Estou cansado da presumida exposição de farpelas “estéticas”, corpos talhados a cinzel de sublimada aparência, guarnecidos de sorrisos de deleite previamente montados para uma captação rigorosa a reservar para um futuro que com celeridade se aproximava e onde agora, toda essa beleza se desvaneceu. A osteo-oxidação da vetustez tomou conta de tudo isso, deixando apenas a saudade e a lembrança de tempos, que o próprio tempo há devorado.


Surgiram os grandes aeroportos, onde antes eram cerradas florestas capilares; algum do “arvoredo” que ainda possa existir, é ralo e alvo, como flocos de neve a caírem na manhã do inverno da vida; as rugas, impertinentes, sulcam a epiderme, apostadas em não deixarem as maquilhagens e os pozinhos de perlimpimpim, entrarem em greve; as cintas, apertadas como cilhas de burro, procuram esconder as panças dilatadas, outrora componentes de esculturais físicos, montados sobre um par de pernas aparentemente bem torneadas – algumas – e engrinaldados retesados bustos, que, só de olhar, a bomba hidráulica do sistema vascular andava muito perto de entrar em cavitação; as banhas assenhoraram-se da formusura e o andar já se acentua de ligeira claudicação – em algumas/uns.

E sinto-me fatigado, porquê?

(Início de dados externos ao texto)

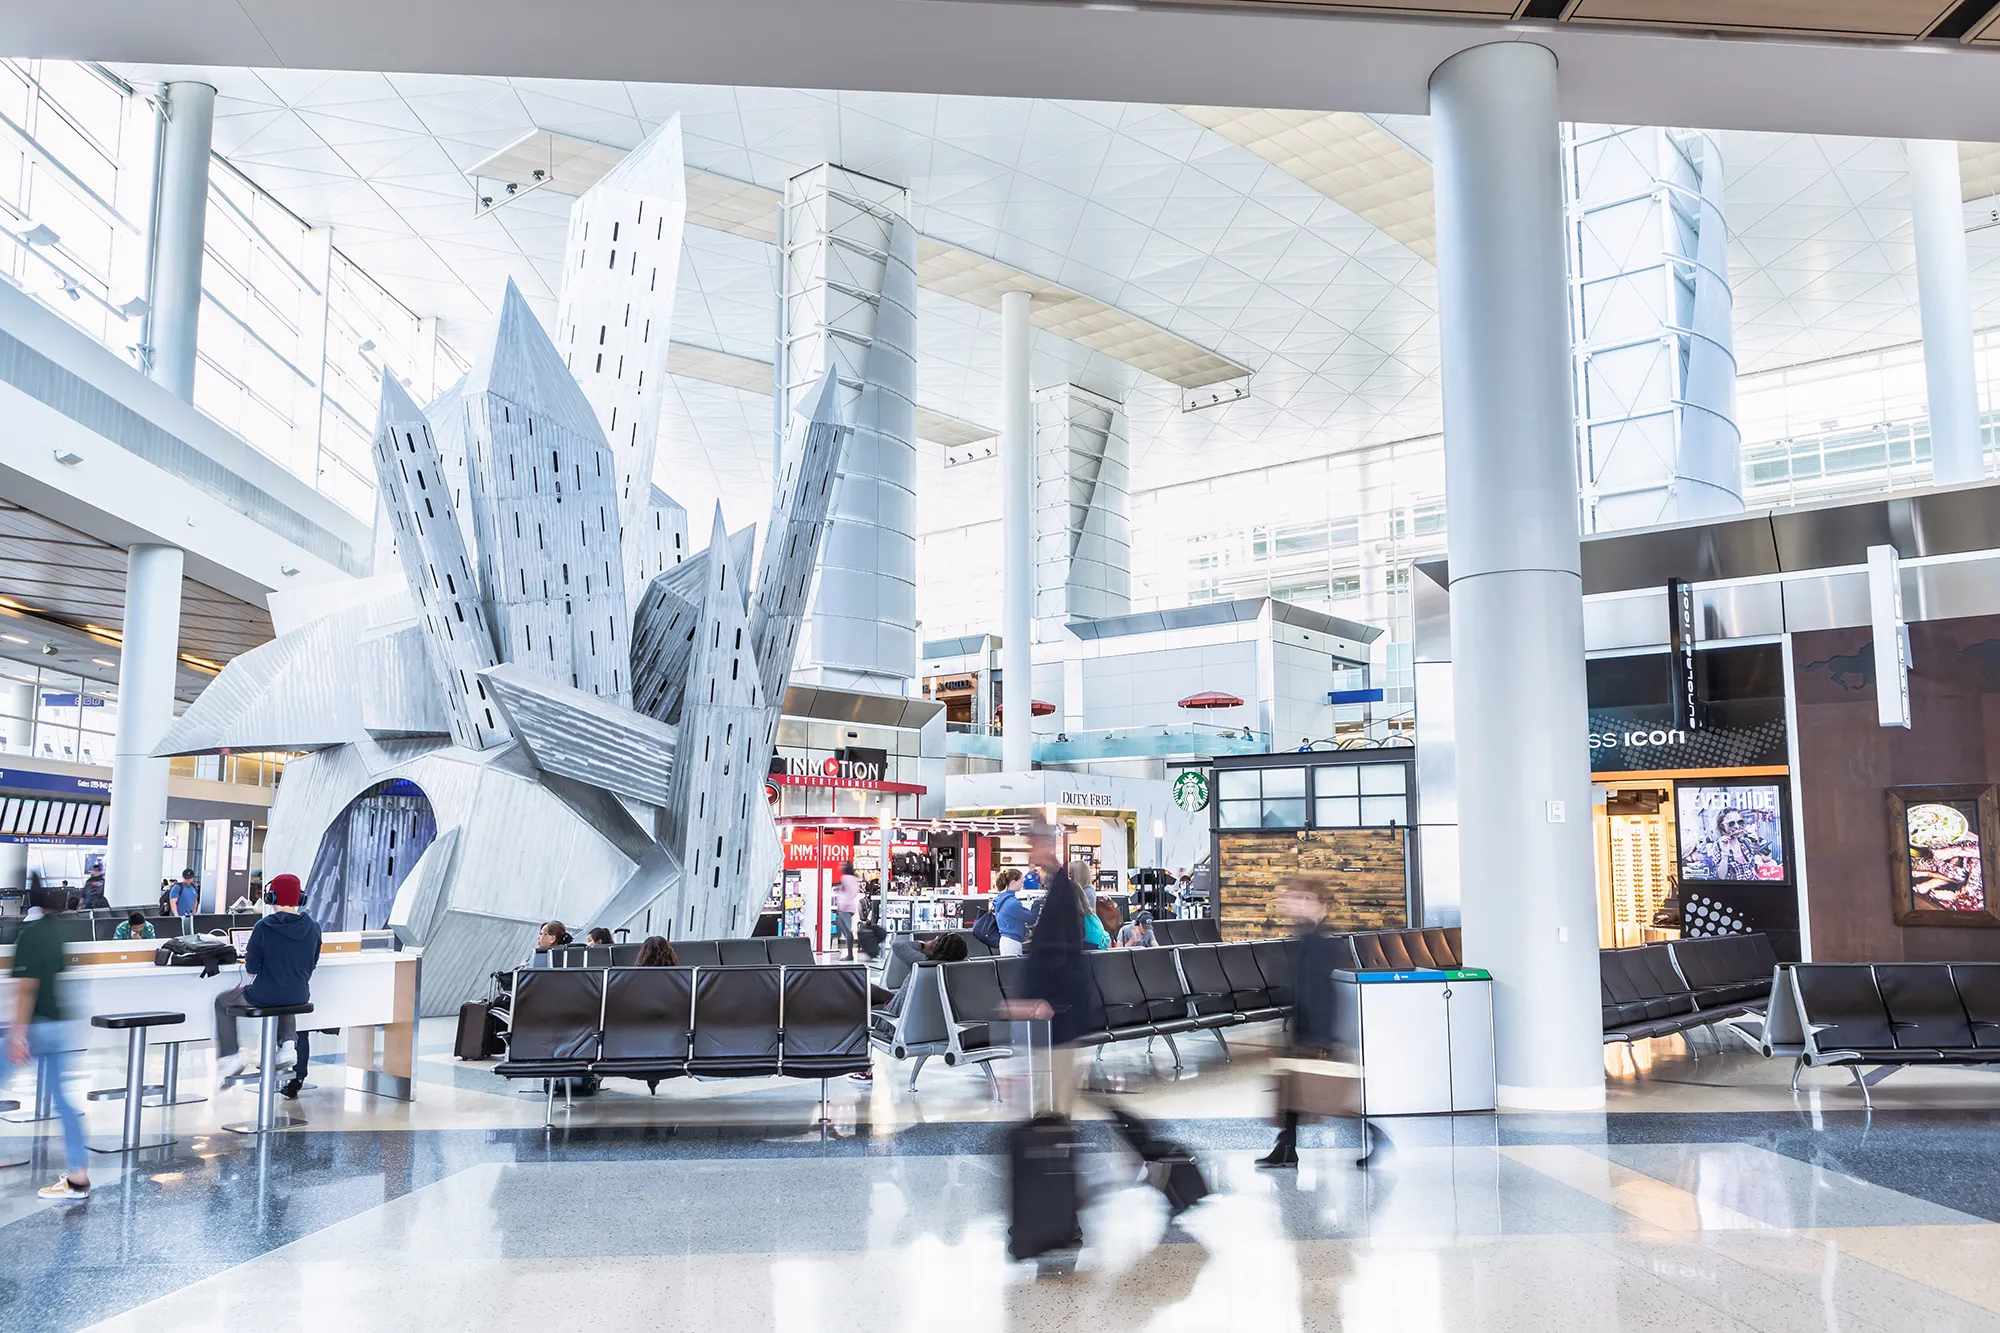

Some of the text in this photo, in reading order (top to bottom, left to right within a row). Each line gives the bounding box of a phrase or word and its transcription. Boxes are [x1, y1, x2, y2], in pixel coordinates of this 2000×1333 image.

[945, 679, 972, 690] GRILL
[786, 776, 879, 789] ENTERTAINMENT
[1062, 791, 1112, 806] DUTY FREE
[1736, 790, 1775, 810] HIDE

Porque não foi somente àqueles que envergaram essas fardetas agarrados aos “comandos dos pássaros-de-ferro”, a esses outrora corpos “esbeltos”, especialistas em equilibrar e manipular tabuleiros repletos de sandes ou recipientes com chá, café ou laranjada nem aos outros, “comandantes” de carga e recepcionistas de terra, que o nome de DETA Linhas Aéreas de Moçambique, se propagou por todo o território e além-fronteiras!?

Não. Por detrás de todo esse emaranhado de elementos “presunçosos”, bamboleavam as batas brancas, dos “médicos” e “veterinários” da aeronáutica, que asseguravam com cuidado e milimétrica precisão, o bom funcionamento das máquinas voadoras, para que tudo corresse bem. Eram eles que, formando coesas e organizadas equipas, perdiam muitas noites em investigação para a resolução de avarias, com o objectivo de que a toda a tripulação e passageiros, pudessem ser garantidos o máximo conforto e segurança nos voos internos ou internacionais.

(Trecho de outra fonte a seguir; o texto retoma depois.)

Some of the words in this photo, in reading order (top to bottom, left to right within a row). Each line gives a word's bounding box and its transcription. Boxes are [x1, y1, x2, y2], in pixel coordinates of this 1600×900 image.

Eram técnicos em aviónica, técnicos de manutenção com cursos de habilitação aos diversos aviões, especialistas em acessórios, hélices, casquinheiros, etc.

Foi também e principalmente, graças a esse pessoal, quase sempre remetido para o anonimato, que a DETA Linhas Aéreas de Moçambique, sulcou parte dos céus do nosso globo e creditou a sua confiança nas pessoas que as utilizaram para chegarem aos seus destinos em segurança.

Lamento, mas vou ter de abrir as outflow valves, porque a pressão de cabine, está a sair fora dos limites.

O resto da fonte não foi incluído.